■ **DATASET EXTRACT**:

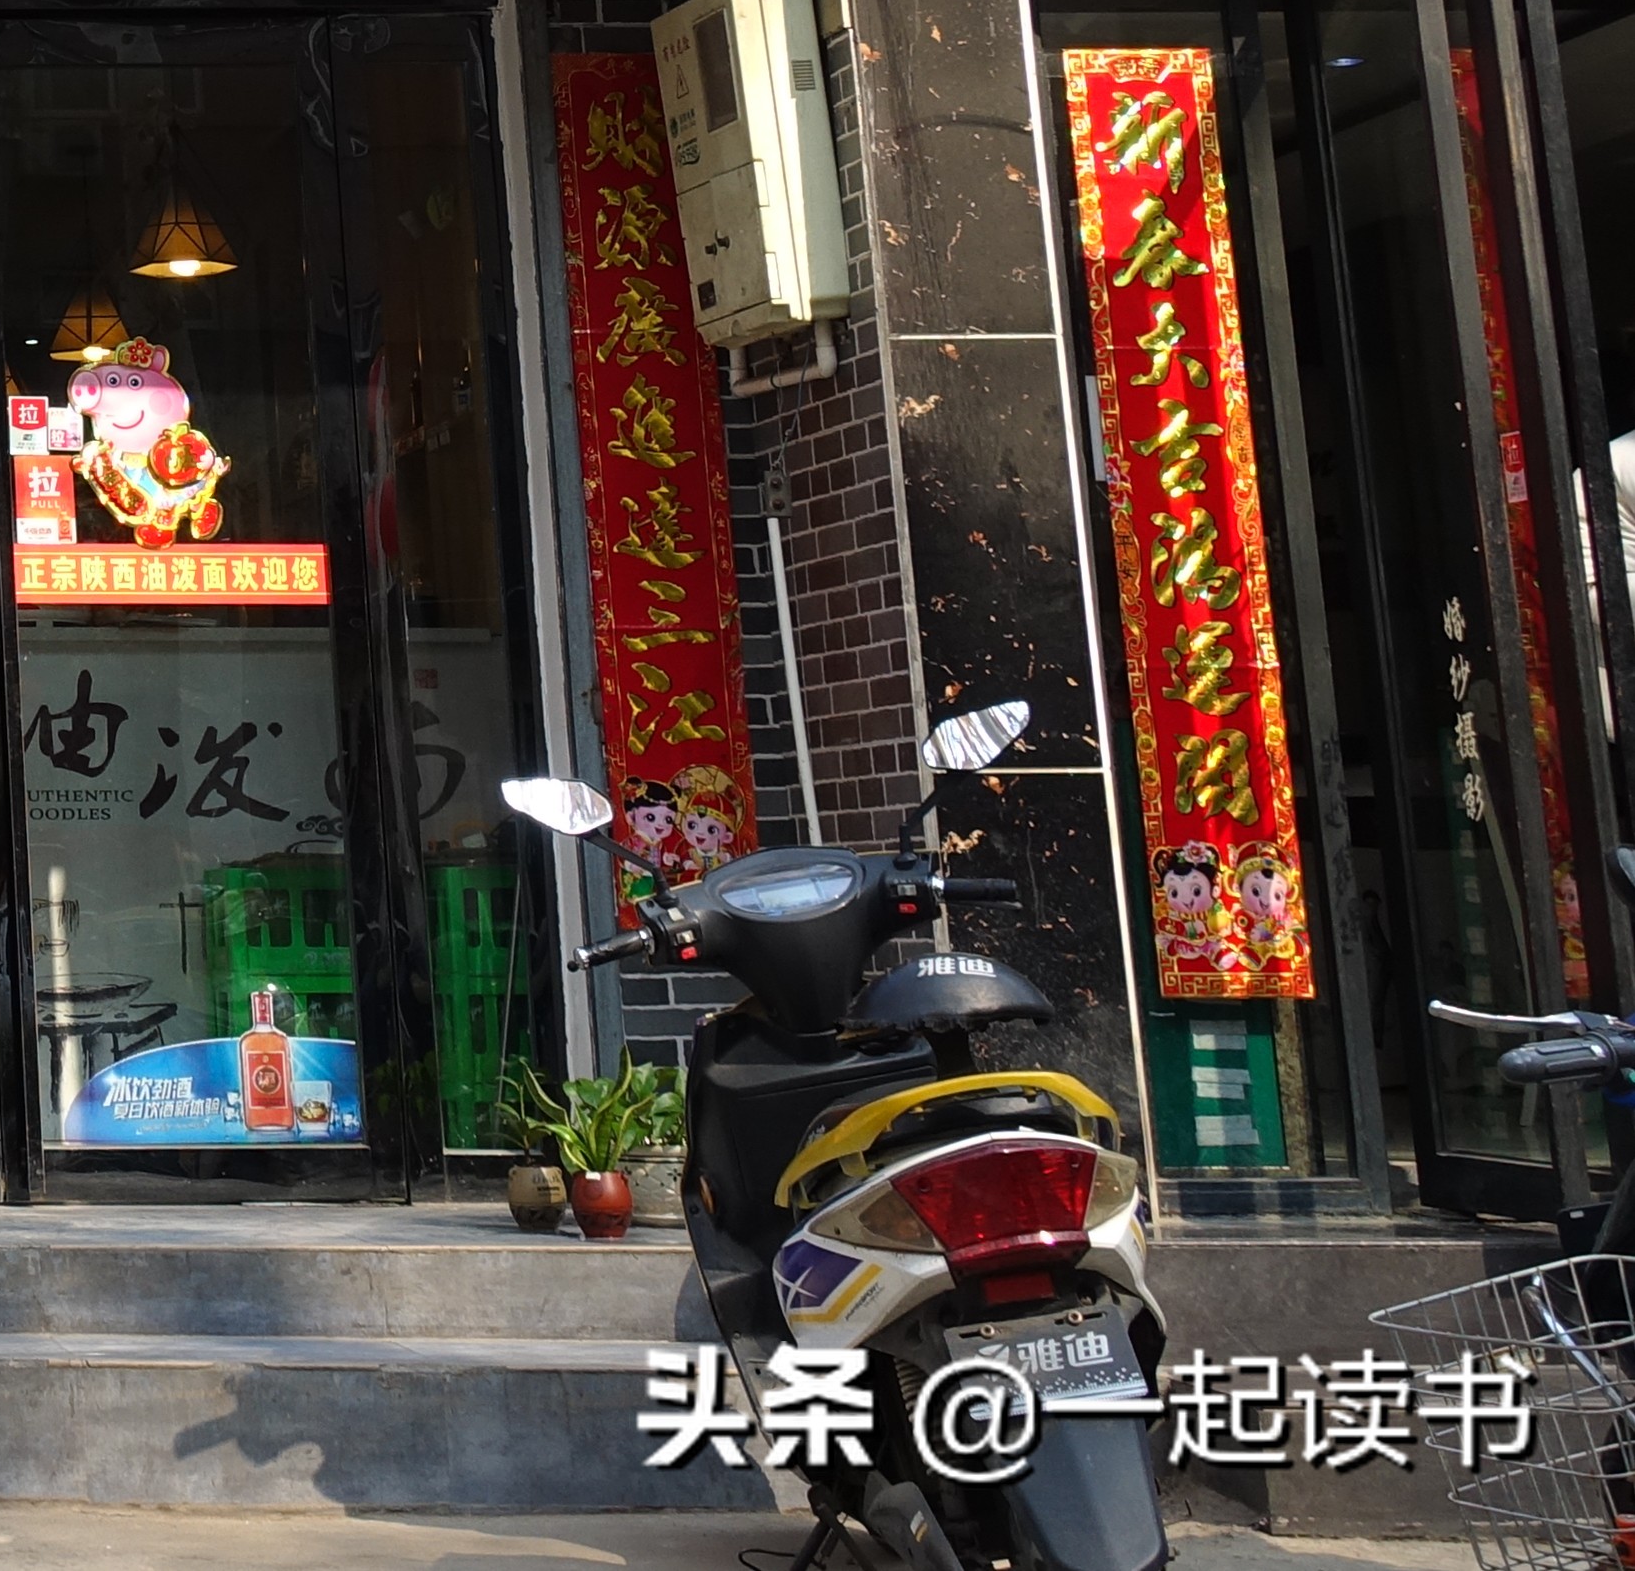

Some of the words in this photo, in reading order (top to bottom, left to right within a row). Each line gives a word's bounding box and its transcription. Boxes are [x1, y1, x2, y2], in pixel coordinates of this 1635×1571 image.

[18, 404, 40, 425] 拉
[28, 466, 61, 499] 拉
[30, 500, 61, 510] PULL
[20, 556, 319, 592] 正宗陕西油泼面欢迎您
[1442, 595, 1485, 823] 婚纱摄影
[27, 789, 134, 804] UTHENTIC
[29, 806, 112, 821] OODLES
[916, 956, 997, 978] 雅迪
[103, 1076, 193, 1106] 冰饮劲酒
[1015, 1330, 1114, 1374] 雅迪
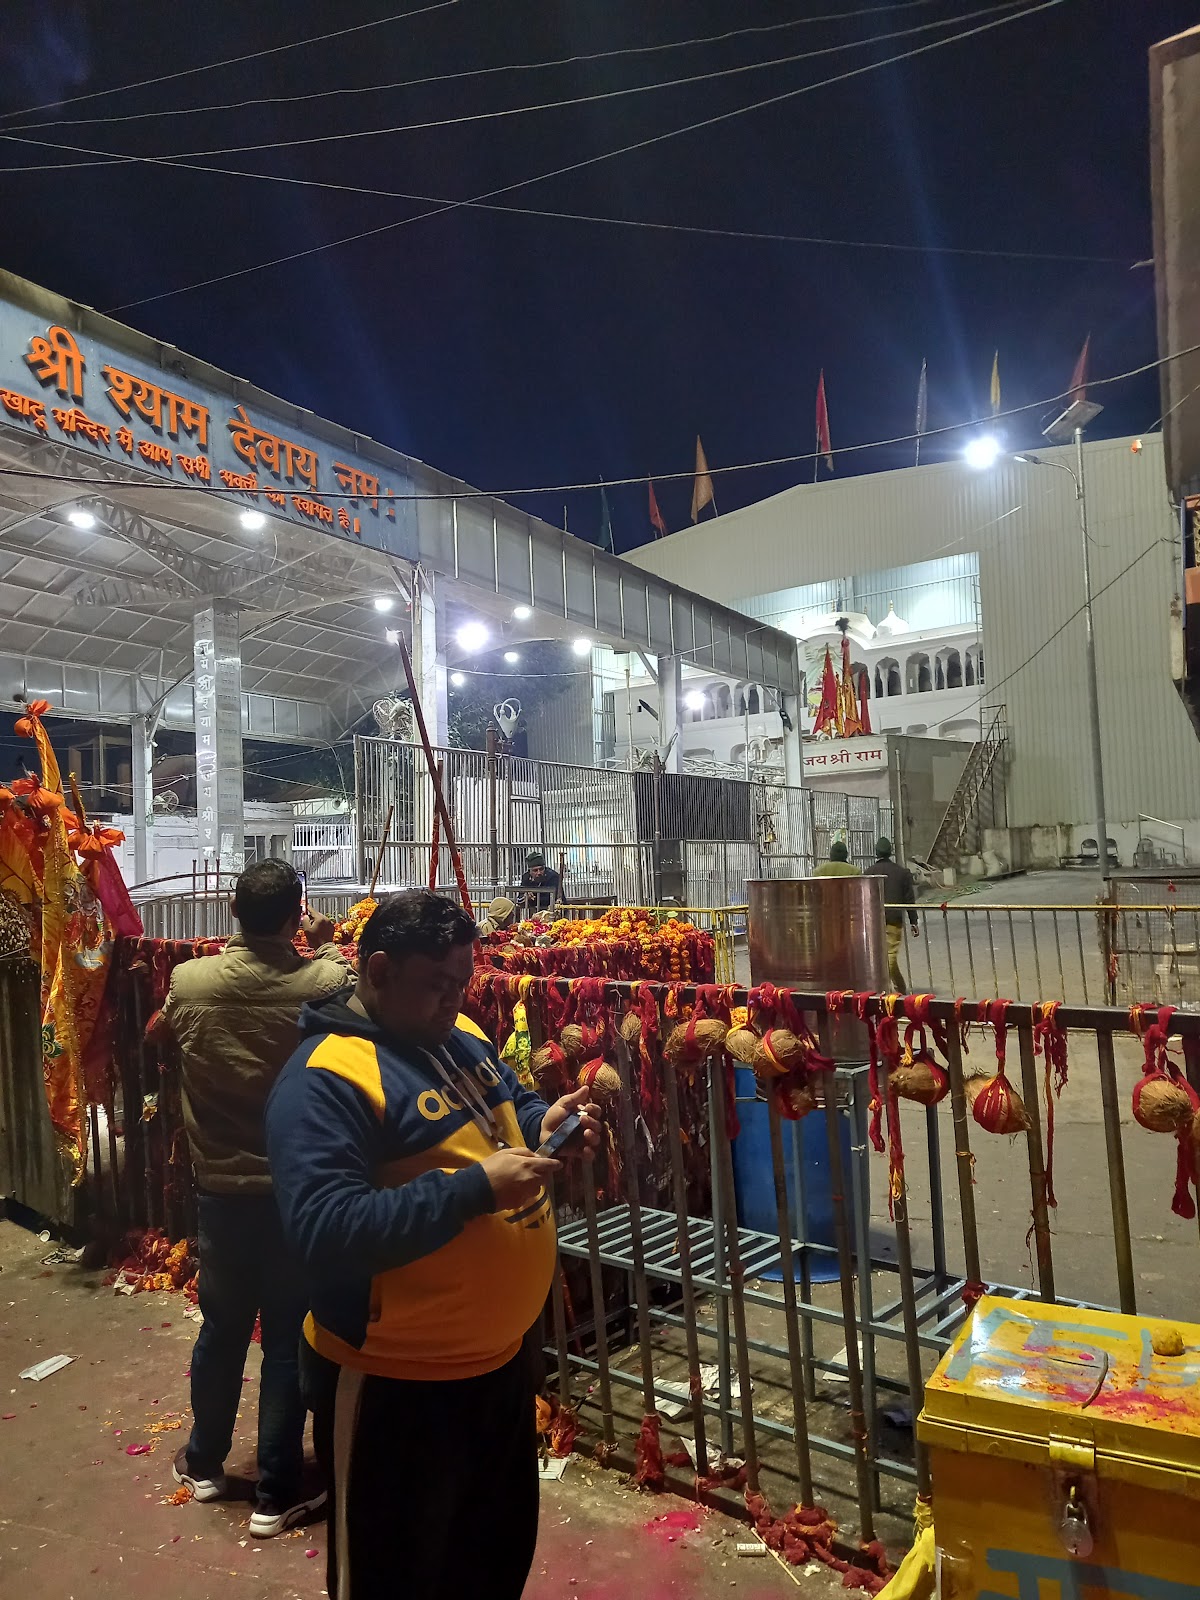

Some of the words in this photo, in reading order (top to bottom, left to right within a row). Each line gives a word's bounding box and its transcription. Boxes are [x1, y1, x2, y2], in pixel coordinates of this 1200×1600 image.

[26, 324, 85, 397] श्री
[103, 364, 209, 445] श्याम
[0, 387, 48, 431] खाटू
[137, 440, 172, 466] आप
[176, 454, 211, 480] सभी
[291, 494, 333, 523] स्वागत
[803, 755, 828, 767] जय
[830, 749, 852, 765] श्री
[854, 749, 883, 762] राम
[202, 805, 214, 822] श्री

■ **DIRECTIONS**:
Can you repeat every record above exactly, apart from the pictures?

■ **YOUR RESPONSE**:
Some of the words in this photo, in reading order (top to bottom, left to right within a row). Each line gives a word's bounding box and its transcription. Boxes are [x1, y1, x2, y2], in pixel coordinates of this 1635×1571 image.

[18, 404, 40, 425] 拉
[28, 466, 61, 499] 拉
[30, 500, 61, 510] PULL
[20, 556, 319, 592] 正宗陕西油泼面欢迎您
[1442, 595, 1485, 823] 婚纱摄影
[27, 789, 134, 804] UTHENTIC
[29, 806, 112, 821] OODLES
[916, 956, 997, 978] 雅迪
[103, 1076, 193, 1106] 冰饮劲酒
[1015, 1330, 1114, 1374] 雅迪

Some of the words in this photo, in reading order (top to bottom, left to right within a row). Each line gives a word's bounding box and its transcription. Boxes are [x1, y1, x2, y2], in pixel coordinates of this 1200×1600 image.

[26, 324, 85, 397] श्री
[103, 364, 209, 445] श्याम
[0, 387, 48, 431] खाटू
[137, 440, 172, 466] आप
[176, 454, 211, 480] सभी
[291, 494, 333, 523] स्वागत
[803, 755, 828, 767] जय
[830, 749, 852, 765] श्री
[854, 749, 883, 762] राम
[202, 805, 214, 822] श्री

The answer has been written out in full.